Iran Tensions
A leading Iranian nuclear scientist Mohsen Fakhrizadeh was assassinated near the capital Tehran on Friday, Iran's Defense Ministry announced on state television. Iran's state media reports that the scientist died during an attack in the Absard area of the province of Damavand, about 60 kilometres east of Tehran.
Western officials and experts believe Fakhrizadeh played a pivotal role in suspected Iranian work in the past to develop the means to assemble a nuclear warhead behind the facade of a declared civilian uranium enrichment programme.
In 2018, Netanyahu gave a presentation in which he unveiled what he described as material stolen by Israel from an Iranian nuclear archive and showed a photograph of Fakhrizadeh.

The United States unilaterally proclaimed on Saturday that United Nations sanctions against Iran are back in force.
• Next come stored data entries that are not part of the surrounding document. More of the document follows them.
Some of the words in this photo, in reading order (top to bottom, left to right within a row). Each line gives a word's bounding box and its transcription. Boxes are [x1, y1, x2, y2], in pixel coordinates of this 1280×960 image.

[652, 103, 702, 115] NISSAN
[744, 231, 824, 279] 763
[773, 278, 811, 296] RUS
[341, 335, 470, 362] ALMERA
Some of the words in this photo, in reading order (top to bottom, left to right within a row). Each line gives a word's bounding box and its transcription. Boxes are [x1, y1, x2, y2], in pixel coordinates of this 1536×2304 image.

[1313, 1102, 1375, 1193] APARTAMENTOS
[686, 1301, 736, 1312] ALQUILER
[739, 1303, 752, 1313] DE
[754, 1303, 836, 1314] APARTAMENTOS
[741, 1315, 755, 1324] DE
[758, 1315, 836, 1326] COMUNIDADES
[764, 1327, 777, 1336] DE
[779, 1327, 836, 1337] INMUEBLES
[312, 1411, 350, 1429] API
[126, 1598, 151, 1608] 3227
The U.S. Secretary of State Mike Pompeo said "Today, the United States welcomes the return of virtually all previously terminated UN sanctions on the Islamic Republic of Iran."
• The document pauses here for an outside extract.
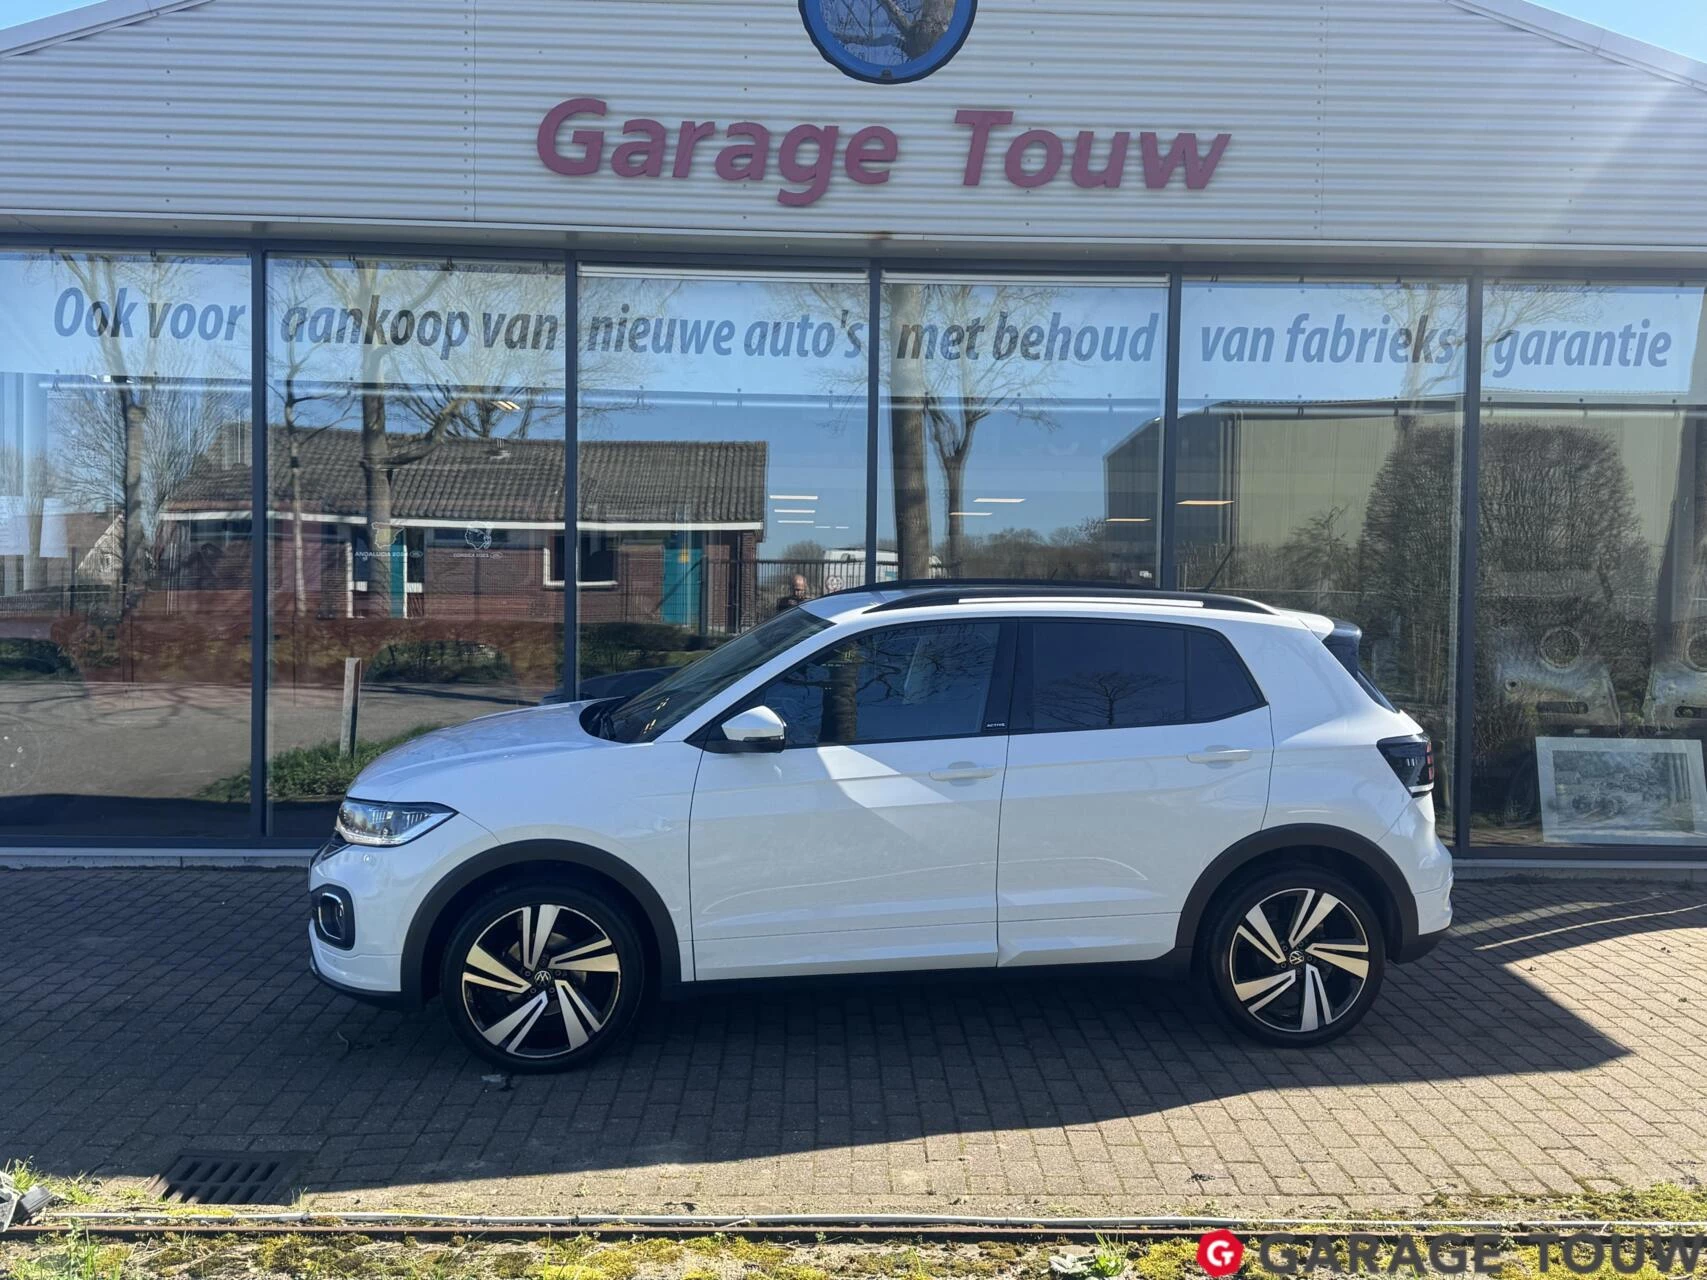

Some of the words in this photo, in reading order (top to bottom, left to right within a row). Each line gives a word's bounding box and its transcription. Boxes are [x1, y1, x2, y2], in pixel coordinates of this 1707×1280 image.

Pompeo also stated "If UN member states fail to fulfill their obligations to implement these sanctions, the United States is prepared to use our domestic authorities to impose consequences for those failures and ensure that Iran does not reap the benefits of UN-prohibited activity."
In a joint letter to the U.N. Security Council, France, Germany, and United Kingdom said "Any decision or action taken with a view to re-installing [the sanctions] would be incapable of legal effect."
And the Russian foreign ministry stated "The illegitimate initiatives and actions of the United States by definition cannot have international legal consequences for other countries."

The International Atomic Energy Agency (IAEA) has said Tehran continues to violate the limitations set in the 2015 nuclear deal with the US, Germany, France, the UK, China and Russia. The limit was set at 300kg of enriched uranium, while the country now has 2,105kg.
The watchdog noted, however, that Iran's stockpile remains far below the many tons of enriched uranium Iran had amassed before the 2015 deal and that its stockpile of heavy water had decreased and is now back within the JCPOA limits.
After experiencing several explosions at key military and nuclear facilities in Iran the country allegedly put parts of its air defense system on "high alert". According to CNN, the Unites States has "several" intelligence indications from satellites, planes and ships that routinely operate in international airspace and waters.
Following current assessments, the alert status in Iran is not part of a current training exercise but a fear of an unknown threat as the reasons for the recent explosions are still unknown.